Do ponto de vista macroeconômico, elevar o teto do MEI pode reduzir a informalidade. Afinal, muitos empreendedores que faturam entre R$ 81 mil e R$ 130 mil atualmente preferem operar na informalidade a migrar para o regime de ME, que é mais caro e burocrático. Portanto, o novo teto poderia formalizar uma parcela adicional da economia informal brasileira.
Por outro lado, o aumento do teto também tem impacto nas contas públicas. Isso porque o MEI paga menos impostos do que microempresas. Assim, se um grande número de empresas optar por se enquadrar como MEI com o novo limite, a arrecadação total do governo pode cair. Daí a preocupação do ministro Moretti com a implementação escalonada.
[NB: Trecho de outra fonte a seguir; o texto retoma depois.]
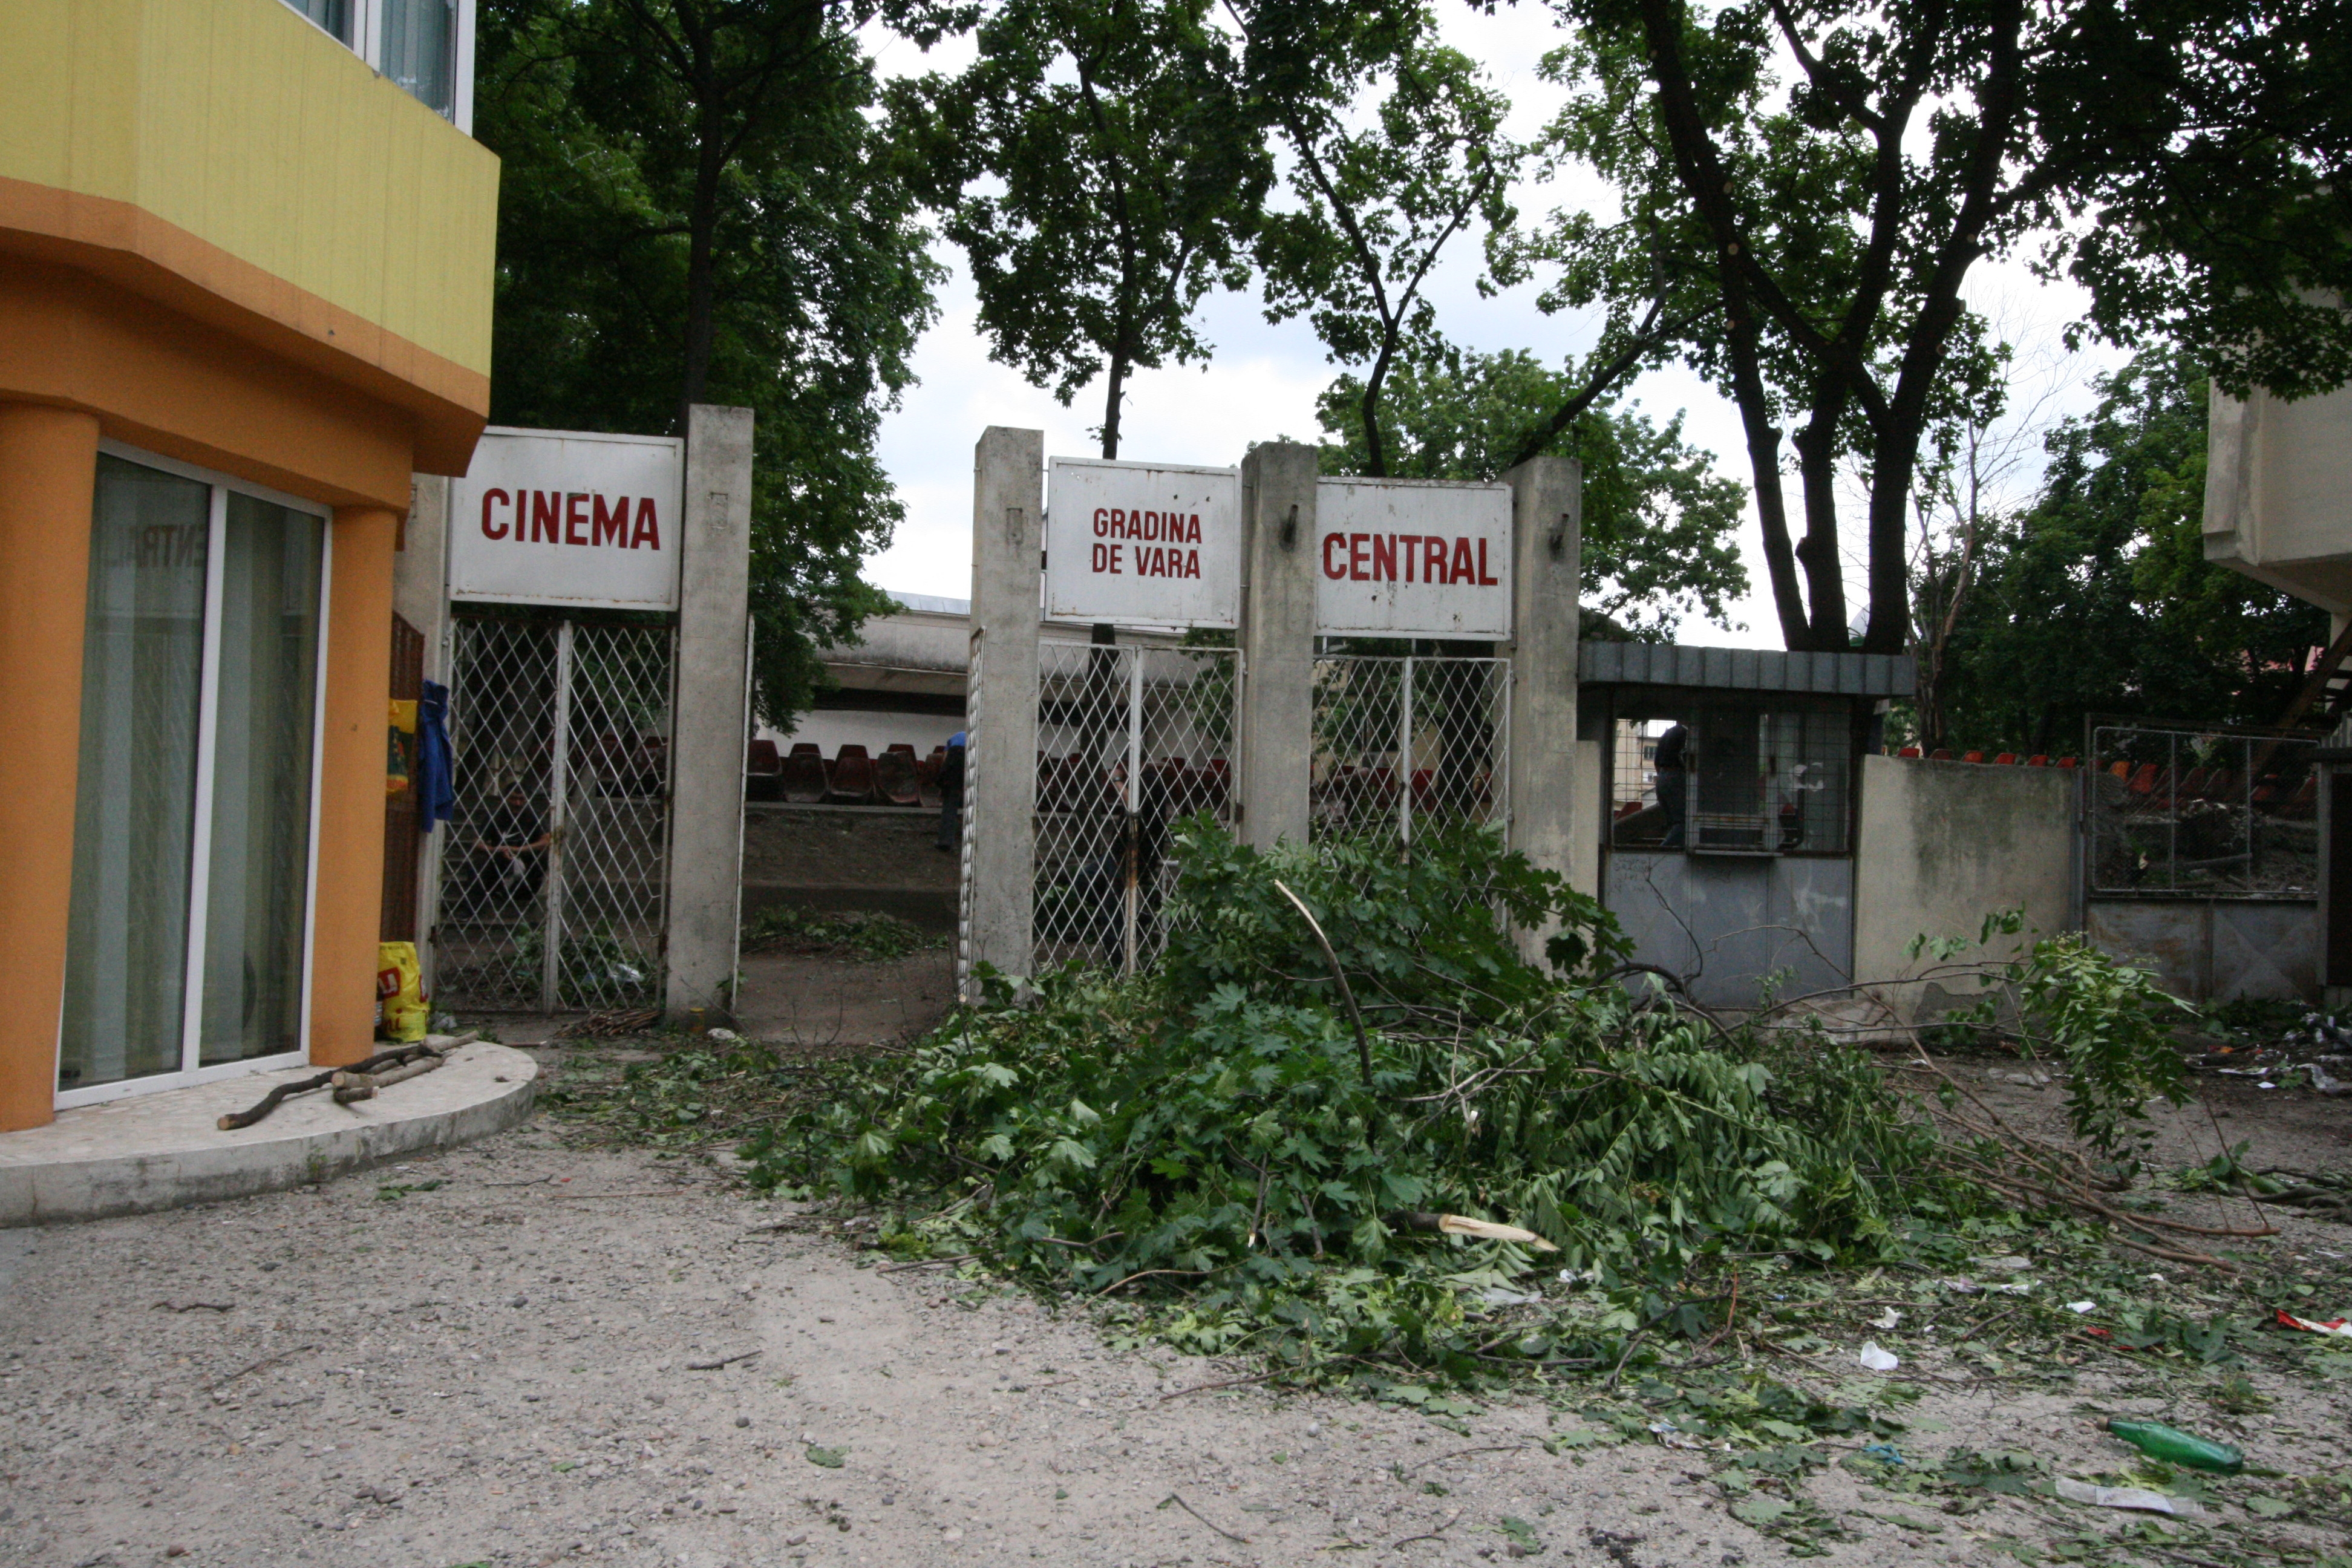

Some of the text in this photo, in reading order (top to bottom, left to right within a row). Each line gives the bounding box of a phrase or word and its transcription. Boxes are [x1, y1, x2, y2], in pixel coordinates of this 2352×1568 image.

Quando entra em vigor o novo teto do MEI
O governo prevê que a proposta será enviada ao Congresso ainda nesta semana. Contudo, a aprovação final depende da tramitação nas duas Casas legislativas. Portanto, o novo teto provavelmente não entra em vigor ainda em 2026. A previsão de implementação é escalonada entre 2027 e 2028.
Para os MEIs que já estão próximos do limite atual de R$ 81 mil, o conselho dos especialistas é planejar com antecedência. Nesse sentido, vale avaliar se faz sentido limitar o faturamento até o novo teto entrar em vigor, ou se é melhor migrar para o regime de microempresa agora. A decisão depende do perfil do negócio e da margem de lucro de cada empreendedor.
Em qualquer caso, é fundamental acompanhar a tramitação do projeto no Congresso e buscar orientação de um contador para entender o impacto específico no seu negócio. Além disso, o Sebrae e as entidades representativas do setor devem publicar materiais com orientações práticas assim que o projeto avançar.
Visão do investidor: o que monitorar após a aprovação
Para investidores, a aprovação do novo teto do MEI sinaliza um ambiente mais favorável ao empreendedorismo de pequeno porte. Primeiramente, empresas que atendem MEIs — como plataformas de gestão, fintechs, contabilidades online e fornecedores de insumos — podem se beneficiar do crescimento dessa base de clientes.
Além disso, um maior número de MEIs formalizados representa um mercado de crédito mais amplo e com melhor perfil de risco. Nesse contexto, bancos digitais e cooperativas de crédito que operam no segmento de pequenas empresas podem se beneficiar indiretamente da mudança. Portanto, vale monitorar as empresas desse setor na bolsa.
Por fim, vale lembrar que a política de juros do Copom também afeta diretamente o MEI, já que o custo do crédito influencia a capacidade de investimento dos pequenos empreendedores. Consequentemente, uma eventual queda da Selic em 2027 combinada com o novo teto do MEI poderia criar um ciclo positivo para o empreendedorismo de base no Brasil.